- THE INPUT
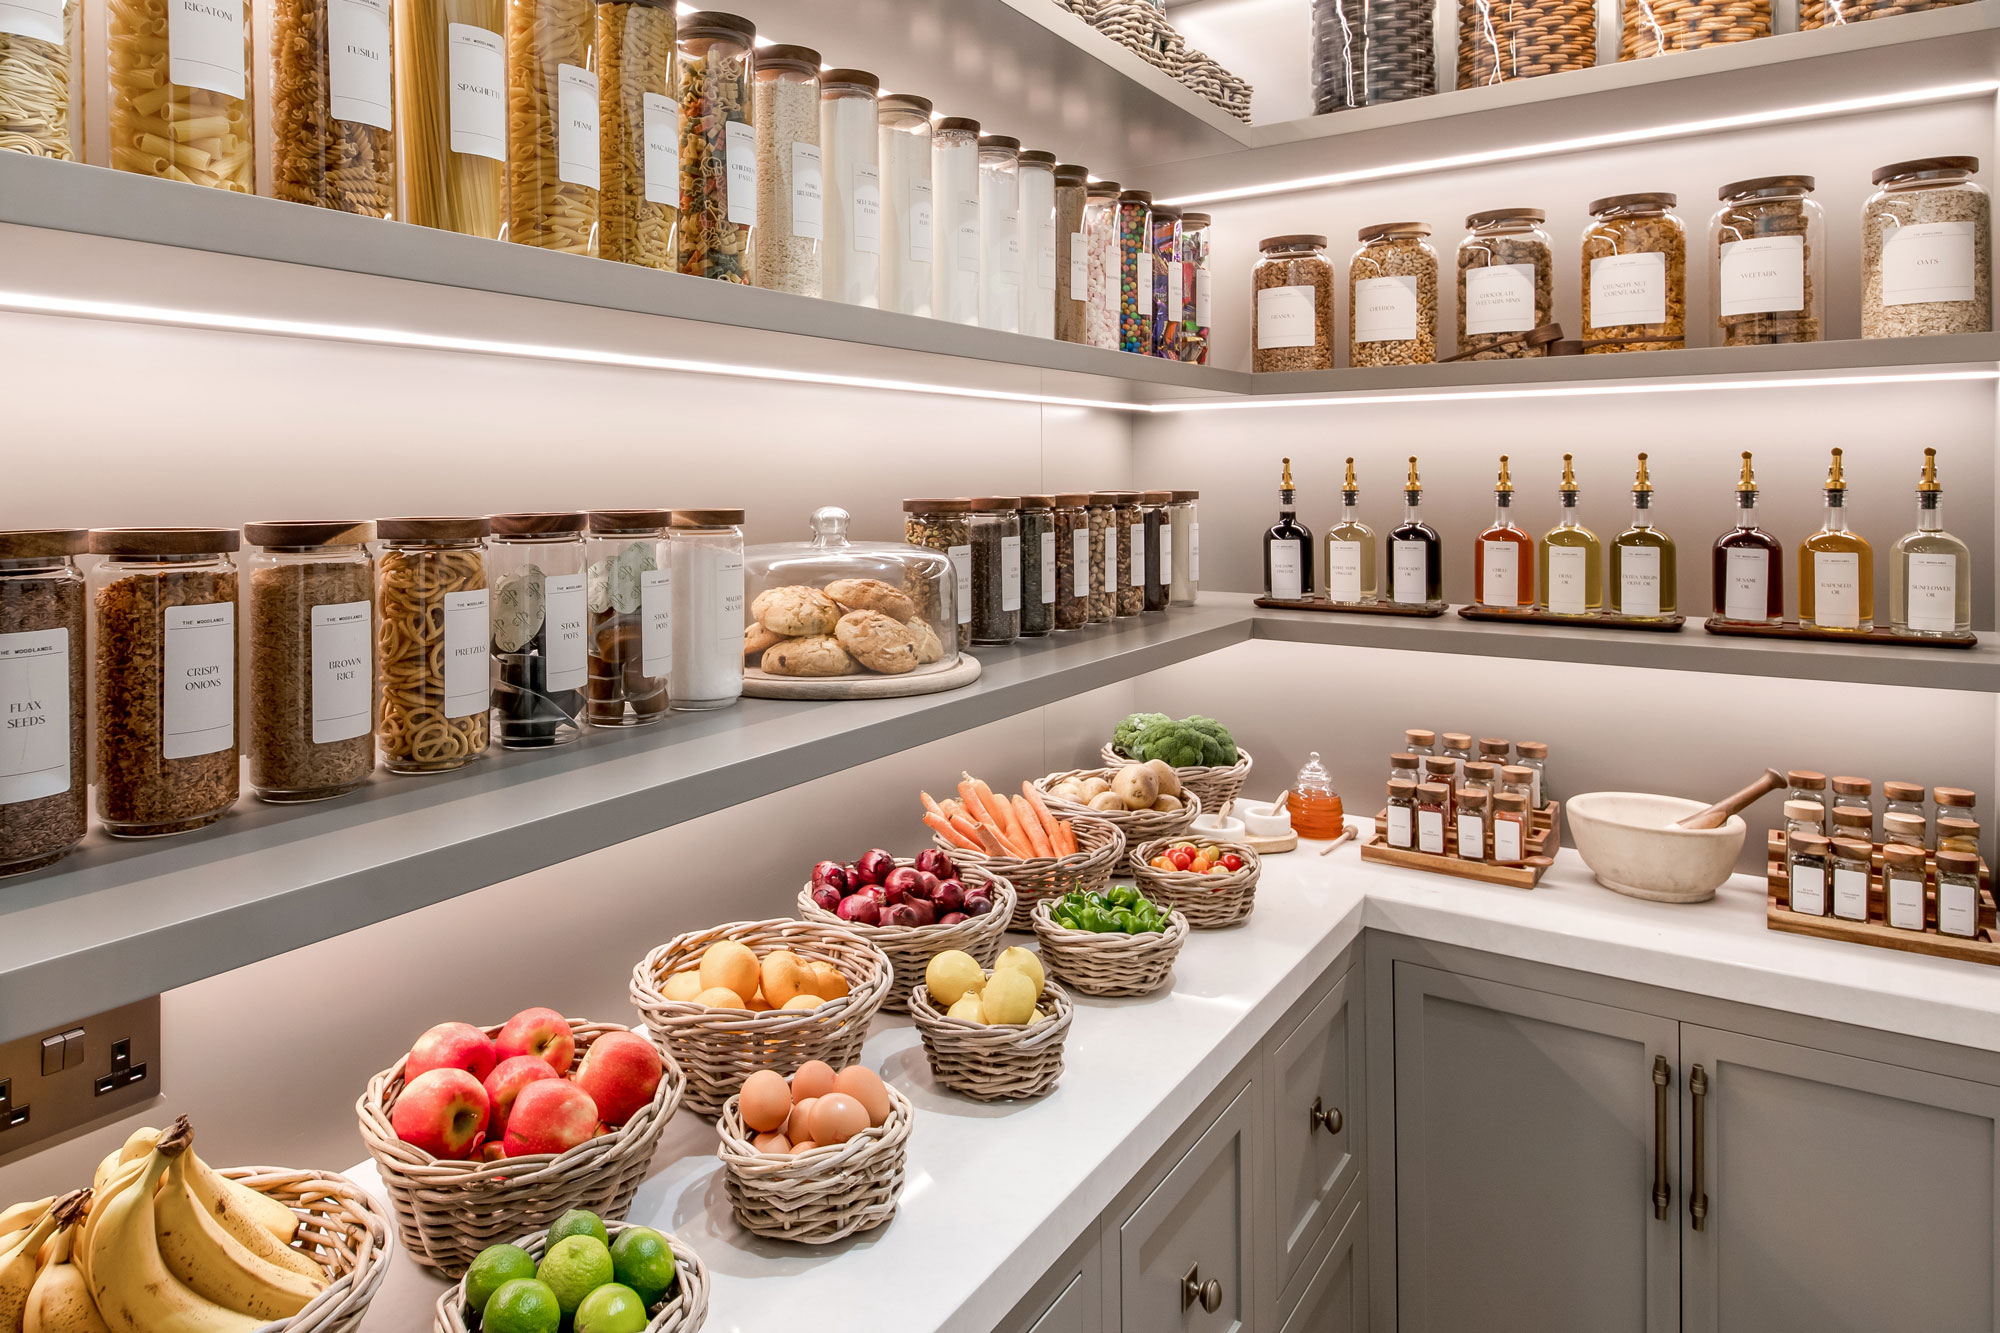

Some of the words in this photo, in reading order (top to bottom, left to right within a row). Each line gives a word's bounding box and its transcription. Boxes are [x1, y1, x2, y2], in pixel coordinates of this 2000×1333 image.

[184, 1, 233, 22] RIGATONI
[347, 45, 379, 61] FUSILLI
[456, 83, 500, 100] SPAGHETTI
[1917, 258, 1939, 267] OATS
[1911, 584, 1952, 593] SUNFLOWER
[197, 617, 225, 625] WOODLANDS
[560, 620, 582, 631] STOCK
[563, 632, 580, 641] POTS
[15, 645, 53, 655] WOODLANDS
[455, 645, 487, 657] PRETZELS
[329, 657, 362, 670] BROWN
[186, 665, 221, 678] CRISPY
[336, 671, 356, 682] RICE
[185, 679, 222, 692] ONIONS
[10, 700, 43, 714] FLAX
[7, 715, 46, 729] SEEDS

- TASK INSTRUCTIONS
Print out the complete listing above exactly, dropping each image.

- EXERCISE SOLUTION
Some of the words in this photo, in reading order (top to bottom, left to right within a row). Each line gives a word's bounding box and its transcription. Boxes are [x1, y1, x2, y2], in pixel coordinates of this 2000×1333 image.

[184, 1, 233, 22] RIGATONI
[347, 45, 379, 61] FUSILLI
[456, 83, 500, 100] SPAGHETTI
[1917, 258, 1939, 267] OATS
[1911, 584, 1952, 593] SUNFLOWER
[197, 617, 225, 625] WOODLANDS
[560, 620, 582, 631] STOCK
[563, 632, 580, 641] POTS
[15, 645, 53, 655] WOODLANDS
[455, 645, 487, 657] PRETZELS
[329, 657, 362, 670] BROWN
[186, 665, 221, 678] CRISPY
[336, 671, 356, 682] RICE
[185, 679, 222, 692] ONIONS
[10, 700, 43, 714] FLAX
[7, 715, 46, 729] SEEDS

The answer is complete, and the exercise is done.